▼▼▼
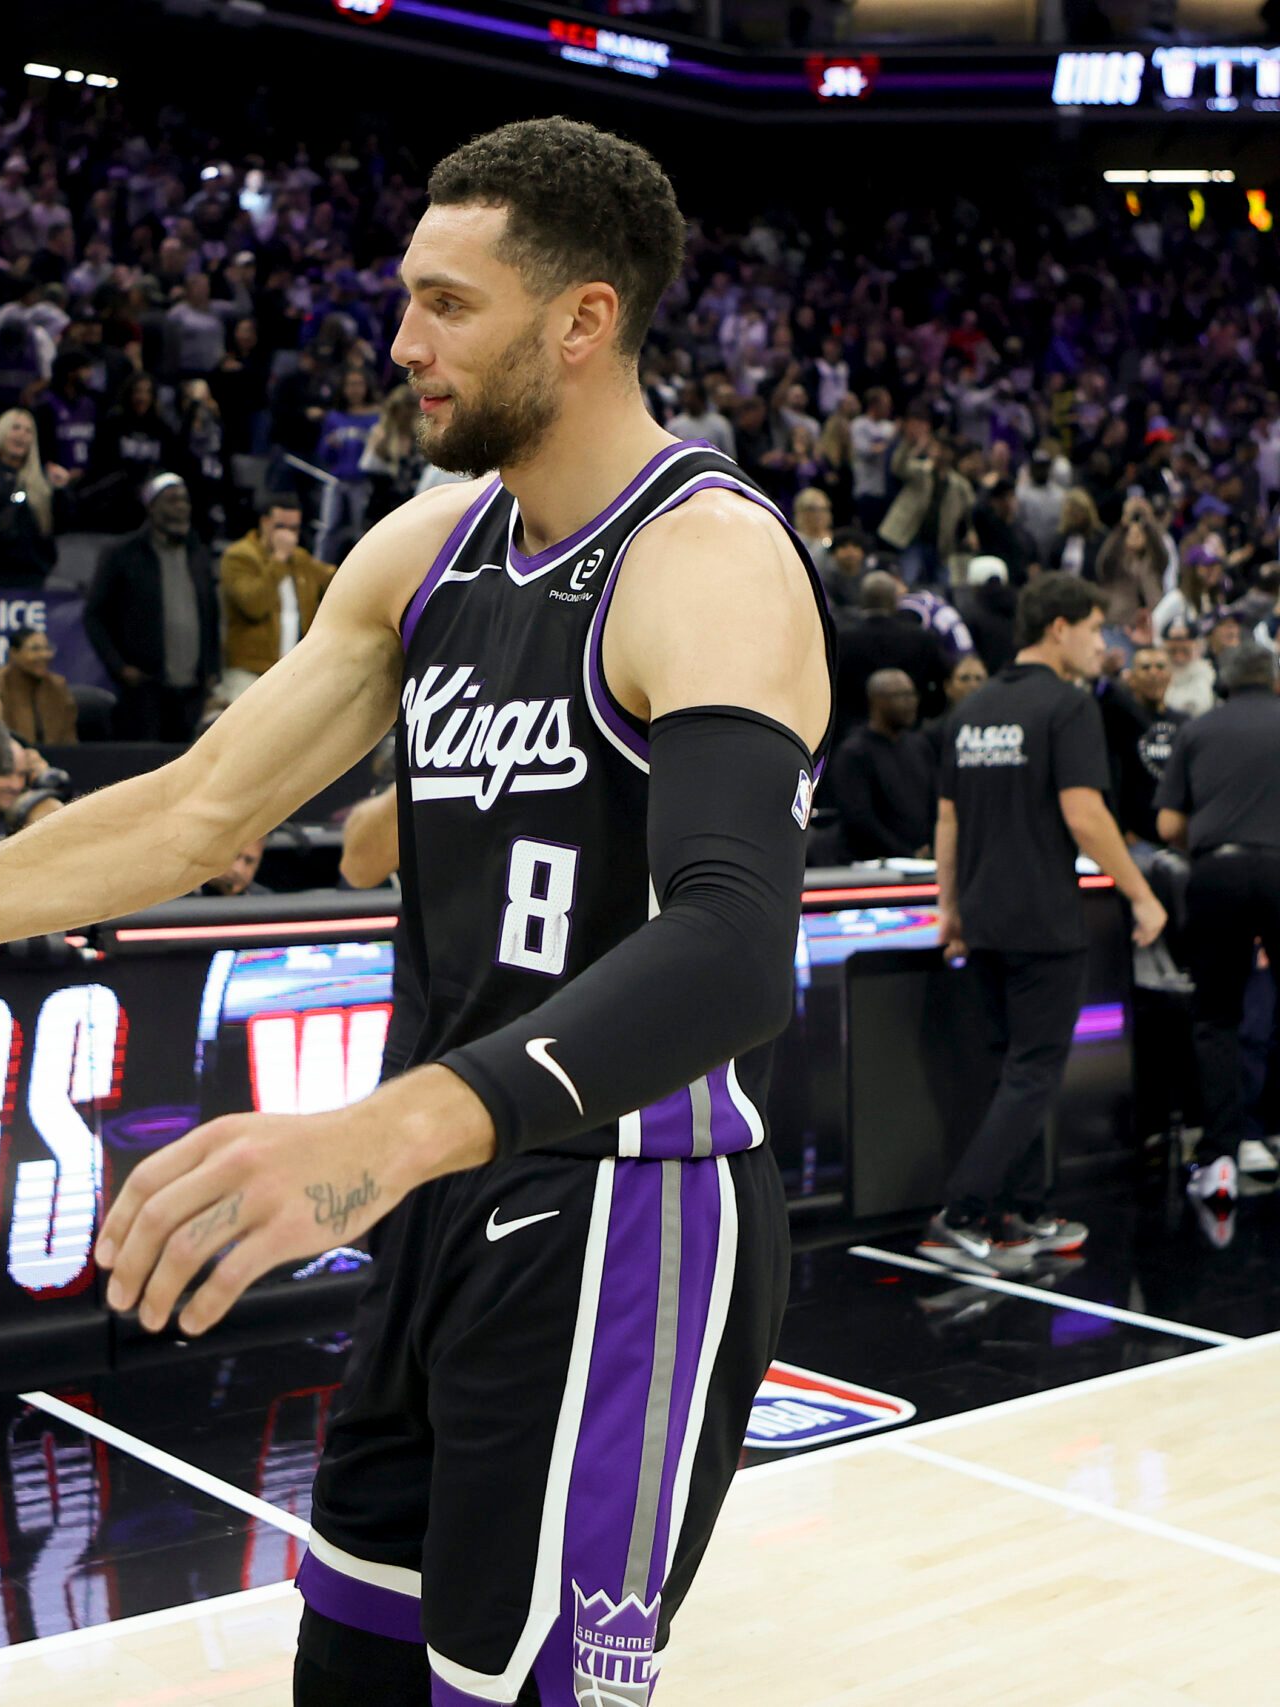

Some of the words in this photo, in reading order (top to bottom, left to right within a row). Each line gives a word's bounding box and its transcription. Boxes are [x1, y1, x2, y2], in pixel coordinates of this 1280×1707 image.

[401, 665, 587, 811] Kings
[496, 836, 580, 976] 8
[575, 1642, 652, 1684] KING
[577, 1625, 655, 1650] SACRAME
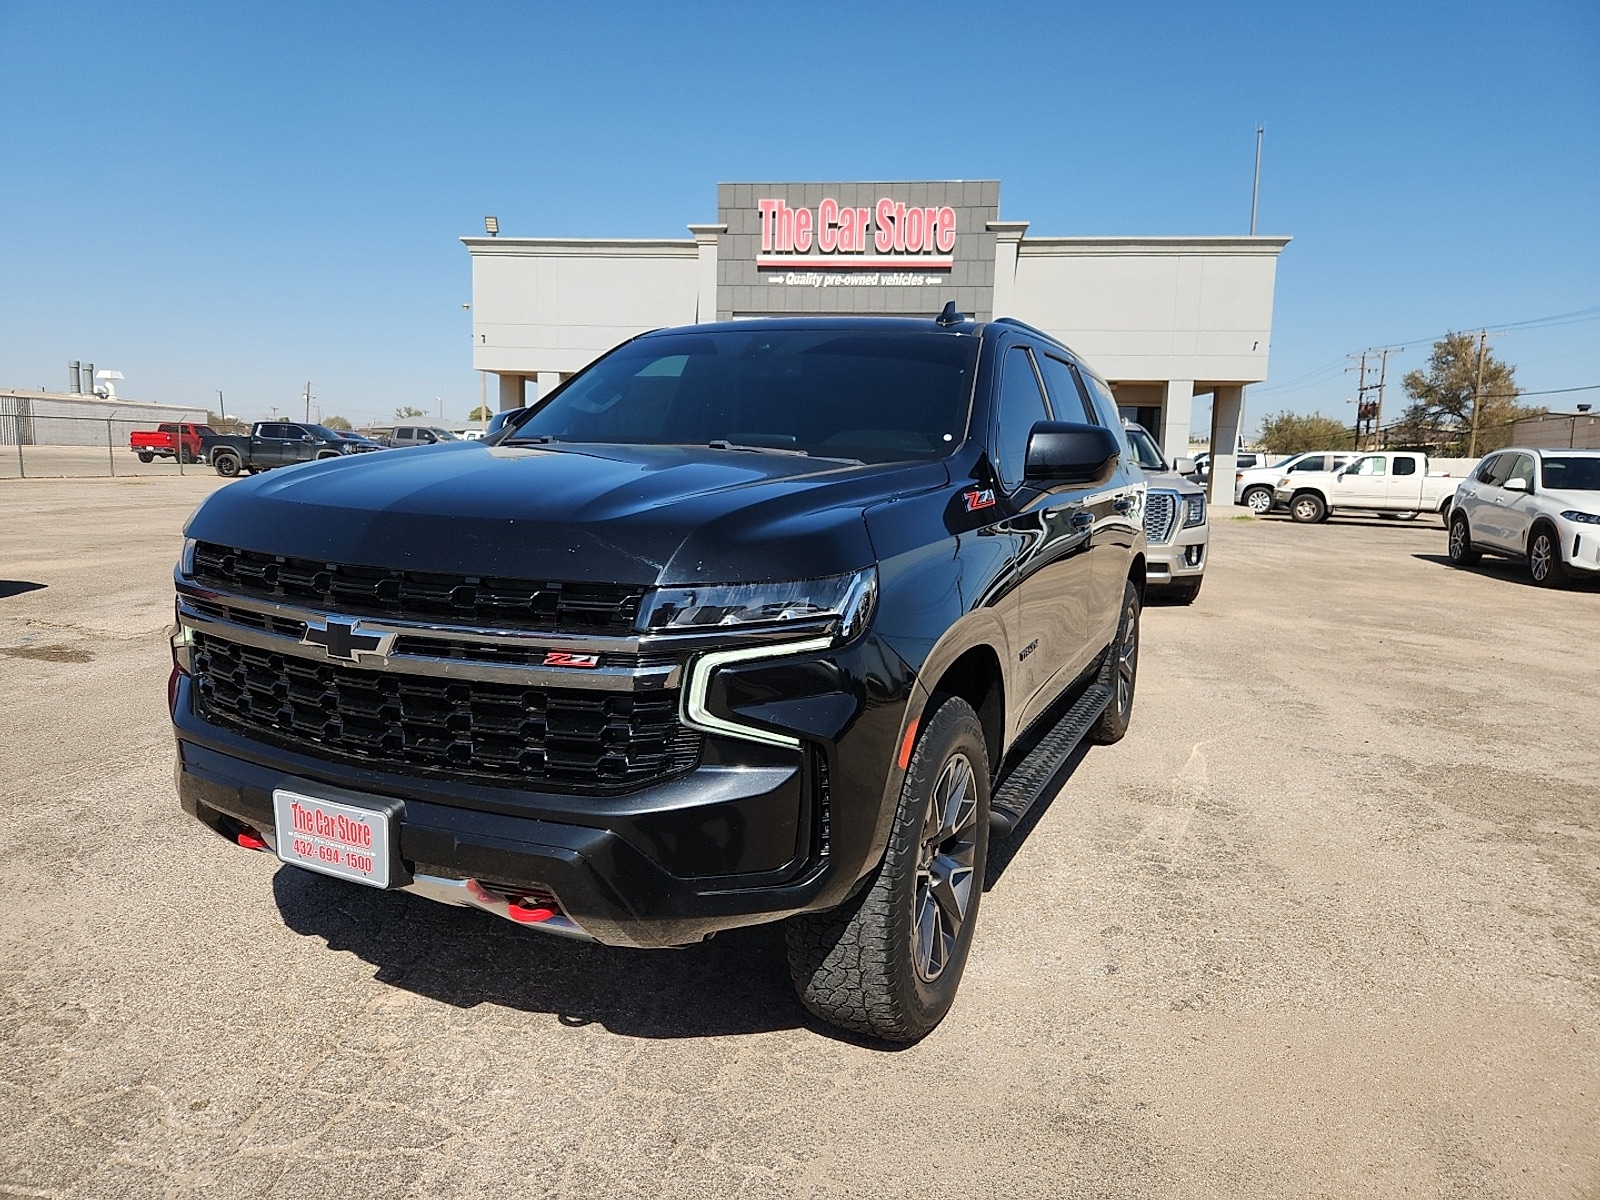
▲▲▲
▶ _EXERCISE DESCRIPTION_: Retype the records verbatim, excluding each image they hold.

▶ _ANSWER SECTION_:
Some of the words in this photo, in reading order (top to bottom, left to right within a row). Each line gives a word's bounding box and its transcription. Boxes are [x1, y1, x2, y2], in pixel coordinates of this 1280×1707 image.

[401, 665, 587, 811] Kings
[496, 836, 580, 976] 8
[575, 1642, 652, 1684] KING
[577, 1625, 655, 1650] SACRAME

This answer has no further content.